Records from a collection

=== Section Start ===

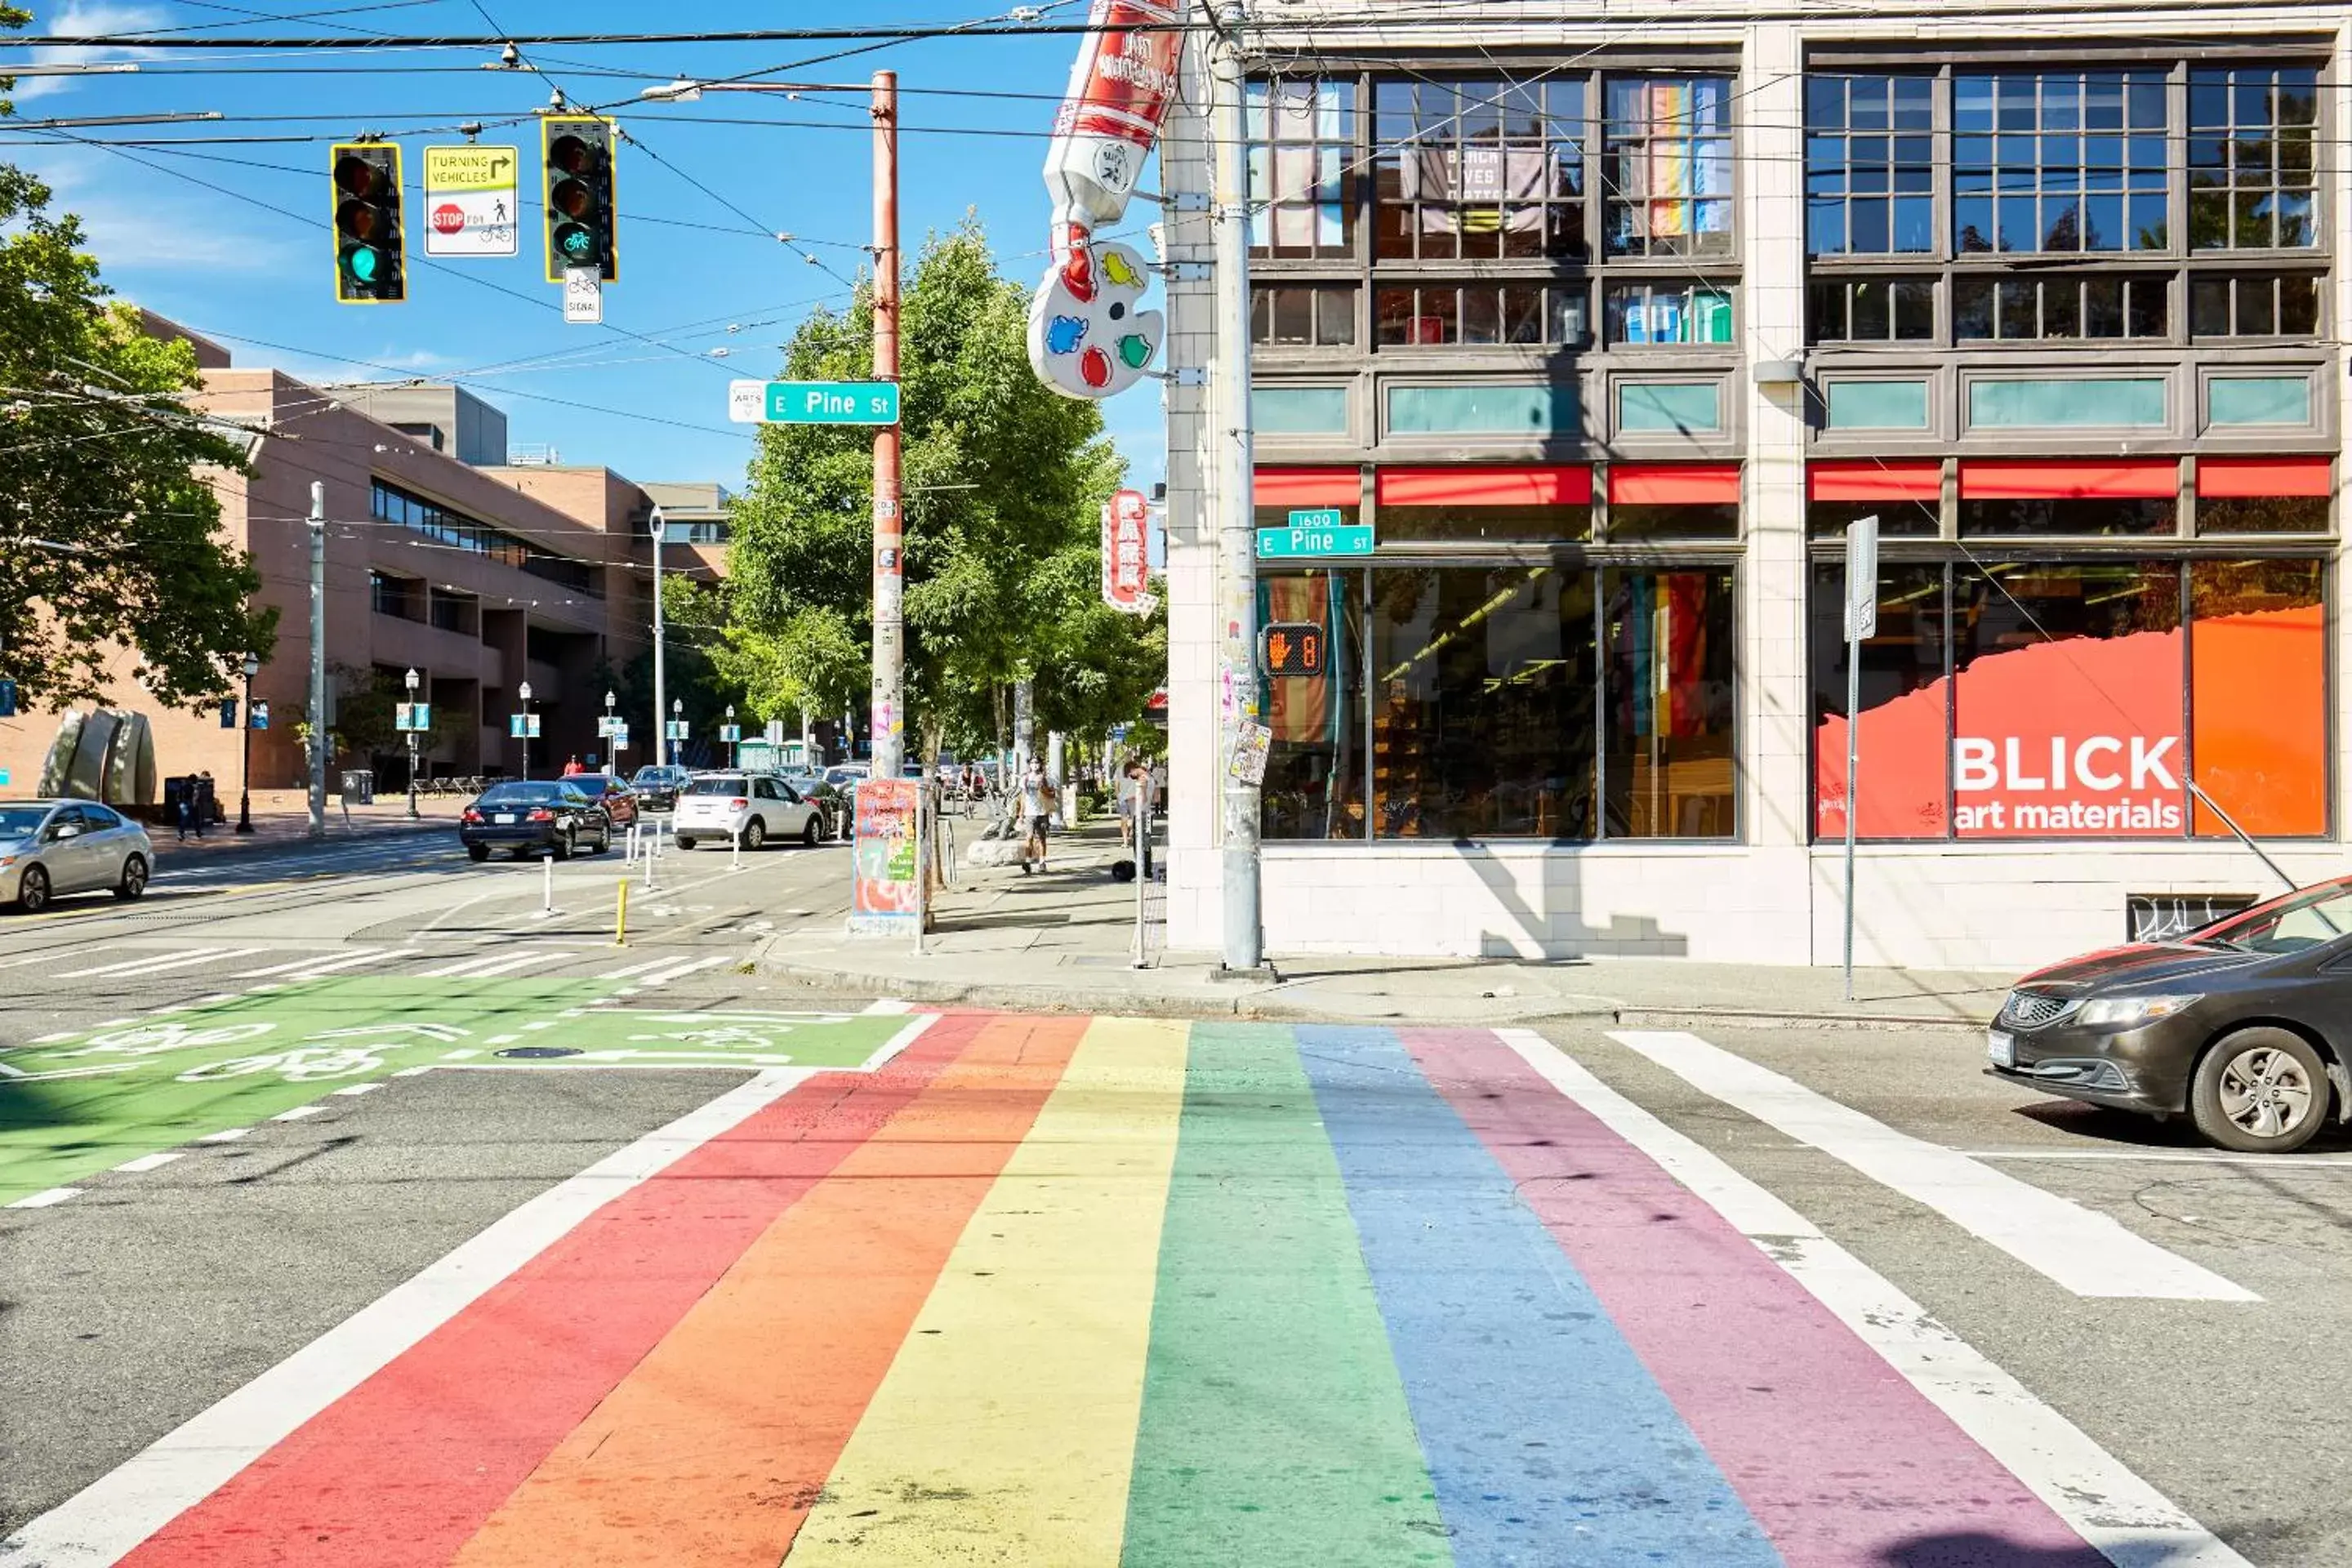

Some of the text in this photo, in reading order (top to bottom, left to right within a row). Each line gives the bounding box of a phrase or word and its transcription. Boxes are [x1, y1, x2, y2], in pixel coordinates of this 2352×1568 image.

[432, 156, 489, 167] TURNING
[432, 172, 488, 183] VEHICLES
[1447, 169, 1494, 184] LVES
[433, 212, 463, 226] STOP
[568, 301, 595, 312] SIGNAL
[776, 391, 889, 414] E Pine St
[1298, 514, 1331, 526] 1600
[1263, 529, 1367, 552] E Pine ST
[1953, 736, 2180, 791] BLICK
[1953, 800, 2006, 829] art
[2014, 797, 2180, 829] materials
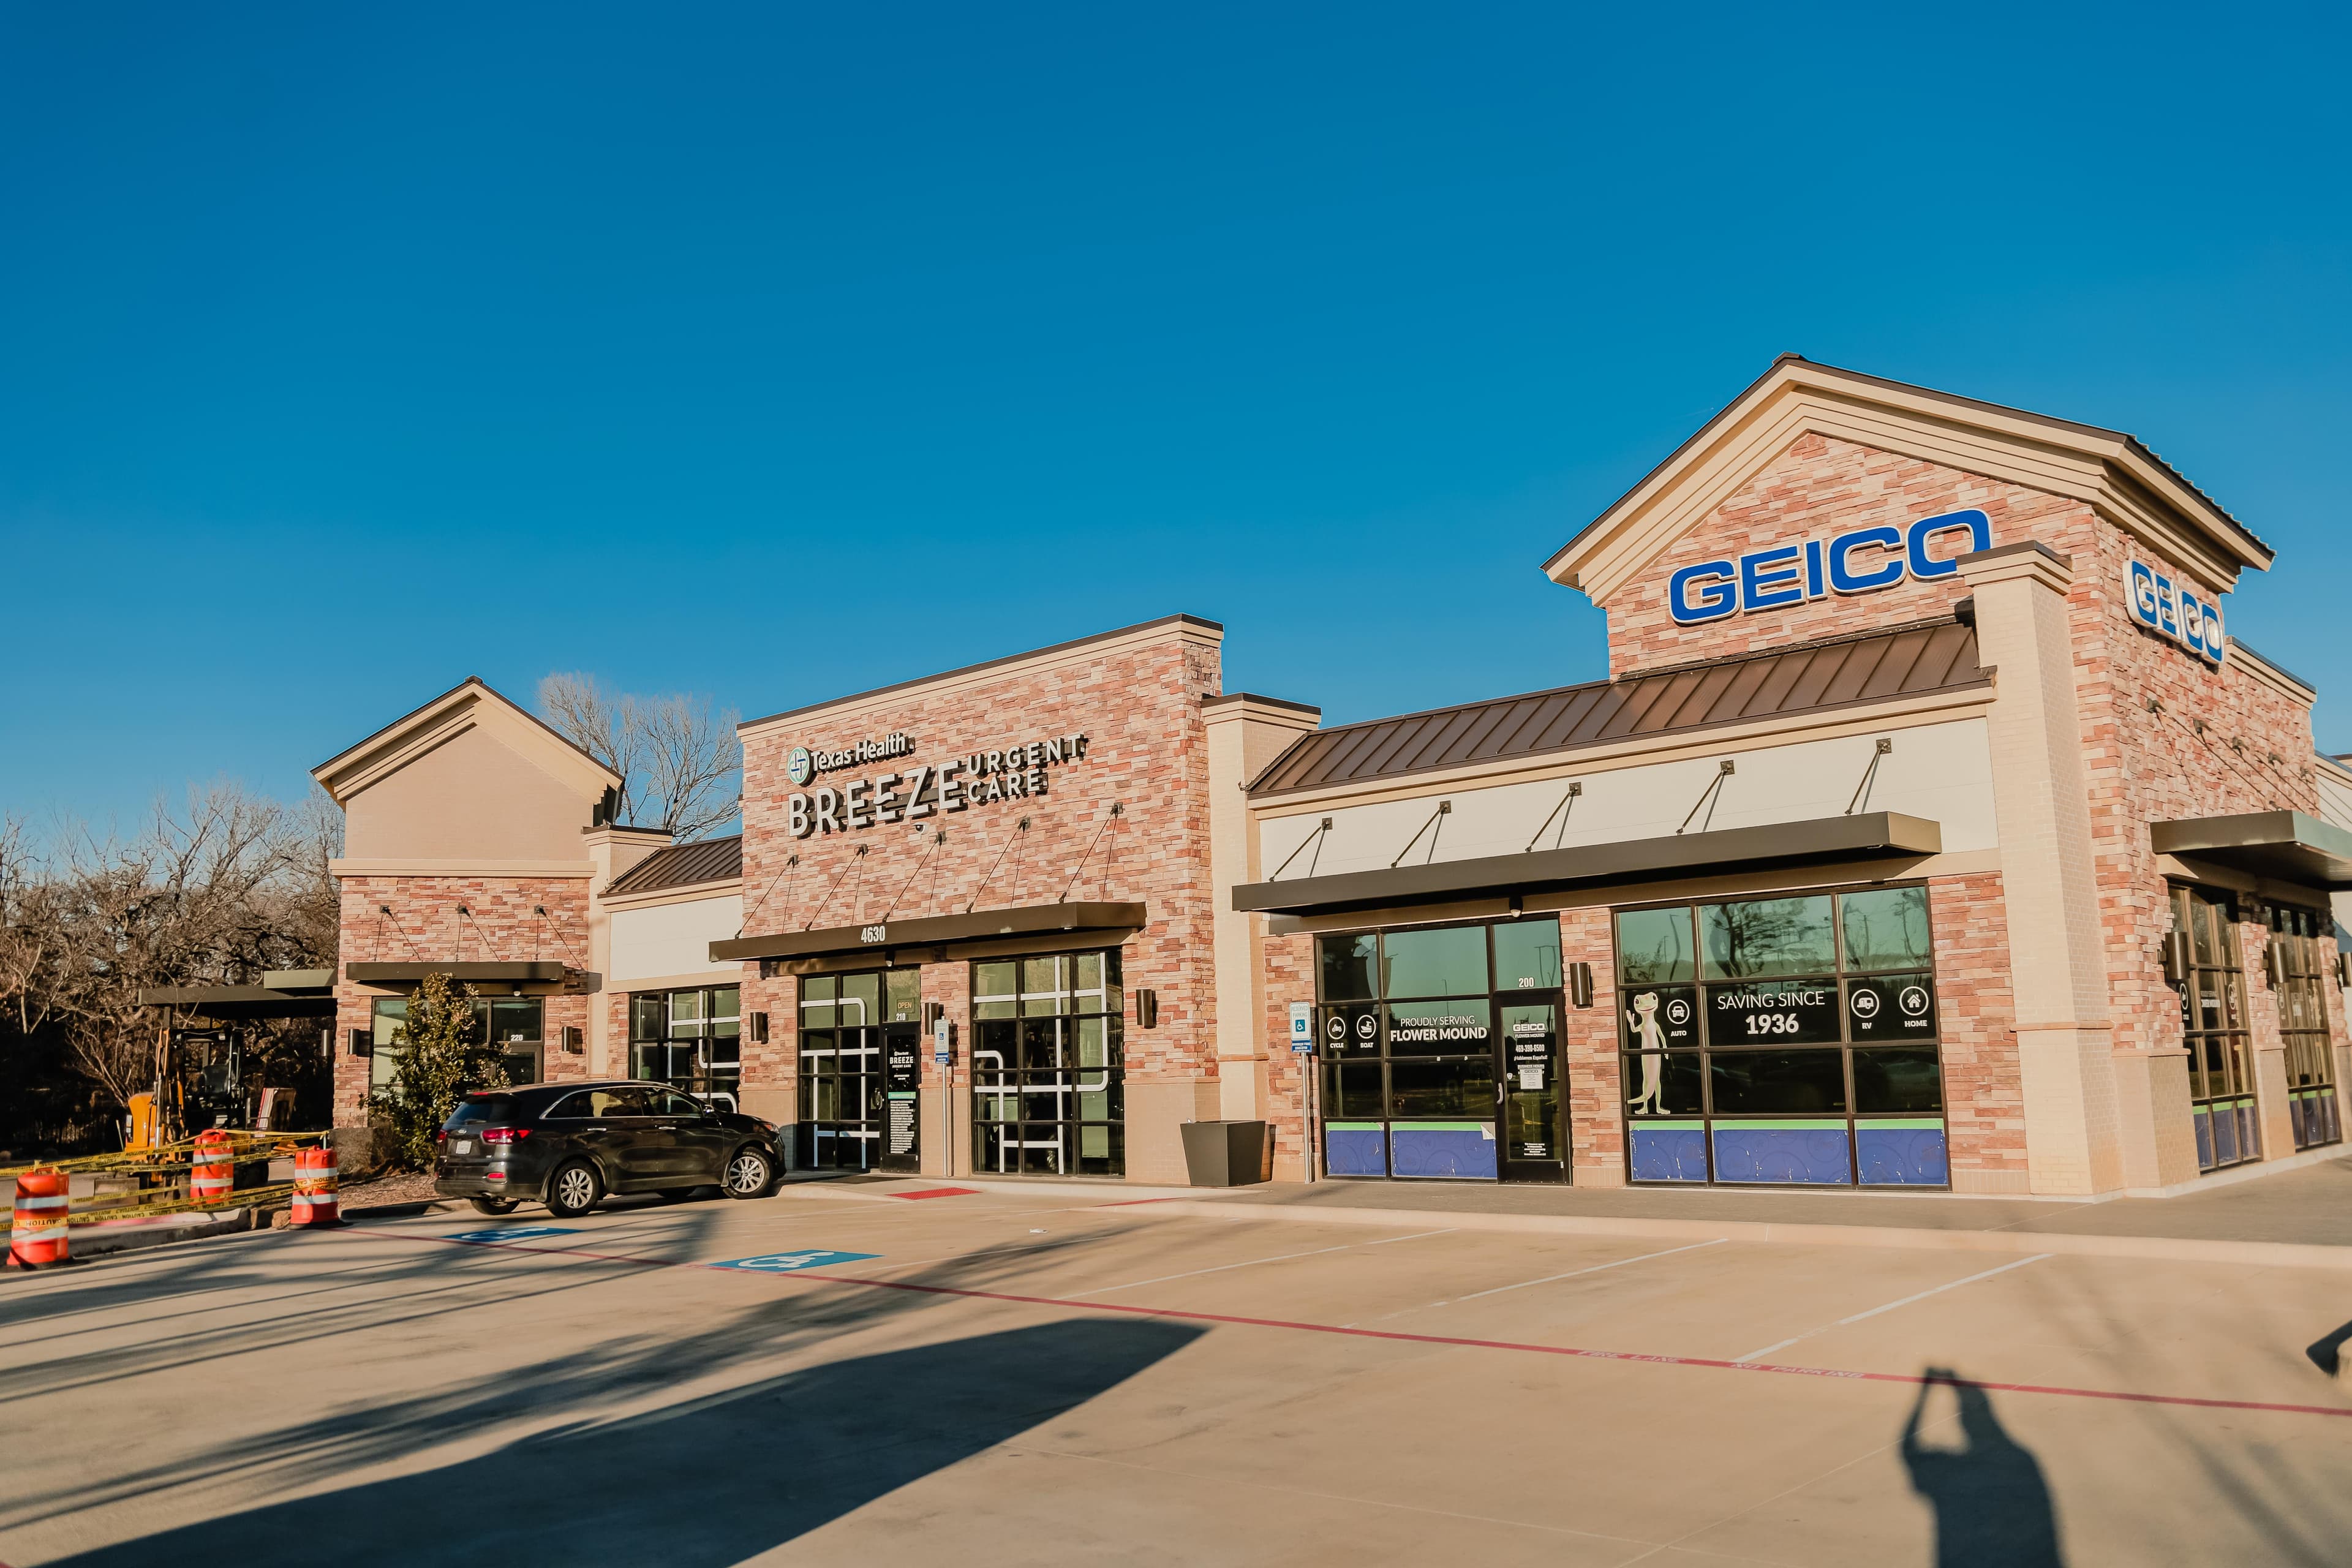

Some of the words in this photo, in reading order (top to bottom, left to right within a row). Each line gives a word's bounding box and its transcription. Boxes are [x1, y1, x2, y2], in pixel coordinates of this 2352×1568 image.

=== Section End ===

§ What needs to be done: Repeat all of the entries above exactly. Keep pictures out of it.

§ Expected answer:
Some of the text in this photo, in reading order (top to bottom, left to right within a row). Each line gives the bounding box of a phrase or word and its transcription. Boxes are [x1, y1, x2, y2], in pixel coordinates of this 2352×1568 image.

[432, 156, 489, 167] TURNING
[432, 172, 488, 183] VEHICLES
[1447, 169, 1494, 184] LVES
[433, 212, 463, 226] STOP
[568, 301, 595, 312] SIGNAL
[776, 391, 889, 414] E Pine St
[1298, 514, 1331, 526] 1600
[1263, 529, 1367, 552] E Pine ST
[1953, 736, 2180, 791] BLICK
[1953, 800, 2006, 829] art
[2014, 797, 2180, 829] materials

Some of the words in this photo, in reading order (top to bottom, left to right within a row). Each line gives a word's bounding box and its transcription. Boxes are [x1, y1, x2, y2], in pixel coordinates of this 2352×1568 image.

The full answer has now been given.